Discriminant analysis of the elemental fingerprint according to the type of cheese is presented in Fig. 1. Three discriminant functions were significant (P < 0.01) for the classification of samples among different cheese type groups. Fig. 1 depicts the first two discriminant functions. Two clusters were formed, one consisting of hard and semihard cheese samples and one with soft, spread and whey cheese samples.

International Dairy Journal, Volume 169, 2025, 106315: Fig. 1. Discriminant analysis for different cheese types using two discriminant functions of elemental profile of cheese samples (+ indicates group centroid).

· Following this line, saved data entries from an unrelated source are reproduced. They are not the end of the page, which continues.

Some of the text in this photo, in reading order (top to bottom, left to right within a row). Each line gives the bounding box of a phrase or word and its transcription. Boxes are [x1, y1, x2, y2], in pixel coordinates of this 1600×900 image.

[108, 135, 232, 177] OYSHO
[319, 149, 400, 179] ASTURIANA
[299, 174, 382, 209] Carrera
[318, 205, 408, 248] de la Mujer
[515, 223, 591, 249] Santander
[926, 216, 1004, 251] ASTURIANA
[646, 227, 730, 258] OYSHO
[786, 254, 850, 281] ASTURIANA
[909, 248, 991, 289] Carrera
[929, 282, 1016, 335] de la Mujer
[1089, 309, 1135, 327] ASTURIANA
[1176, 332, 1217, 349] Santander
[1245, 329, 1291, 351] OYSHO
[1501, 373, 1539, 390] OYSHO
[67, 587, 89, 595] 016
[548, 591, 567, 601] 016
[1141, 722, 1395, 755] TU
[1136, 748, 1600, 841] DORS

Additionally, in Table 6, the different cheese types were classified based on their total elemental profile through discriminant analysis. 70.4 % of the samples were correctly classified into the appropriate cheese type group. The highest rate of correct classification was observed for hard cheese samples (90 %) whereas the rest of the samples were correctly classified at rates lower than 72.2 %. The elements Cr, Co, Cu, Zn, Sr, Au and U were found responsible for the discrimination of samples into cheese type groups according to the stepwise discriminant analysis applied. Under this context, previous studies applied elemental profile as a mean to discriminate among different cheese types. Aceto et al. (2017) reported that the distribution of lanthanides could be considered as a fingerprint tool to relate the soil of the pastureland on which cows graze and to the bottled milk. Magdas et al. (2019) reported that Mn content together with rare earth element concentrations were good predictors of two traditional cheese specialties of Romania. Mara et al. (2024) found elements such as Se and Zn to discriminate samples based on the cheese-making process of pecorino cheese from Sardinia, Italy.

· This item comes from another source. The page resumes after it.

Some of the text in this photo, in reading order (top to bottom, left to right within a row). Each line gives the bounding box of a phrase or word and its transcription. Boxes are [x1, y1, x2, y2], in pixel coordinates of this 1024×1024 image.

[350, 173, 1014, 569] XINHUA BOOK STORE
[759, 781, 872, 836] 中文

International Dairy Journal, Volume 169, 2025, 106315: Table 6. Classification table for different cheese types based on the total elemental profile of cheeses through discriminant analysis.

4. Conclusions

The present study provides important input on the levels of selected elements of commercially available, non-designated, Greek cheeses. The findings of the study indicate that these cheeses can be regarded as safe, given their low levels in heavy metals, and on the other hand, they cover a considerable percentage of the dietary recommended intake for elements like Cr and Zn. Additionally, the results of this work indicated that discriminant analysis may facilitate cheese differentiation based on cheese- and milk type, as an initial step enhancing their unique properties regarding milk type and cheese making. The cheese elemental profile assessed in the present study may provide added value and better consumer recognition towards an increased producers’ income.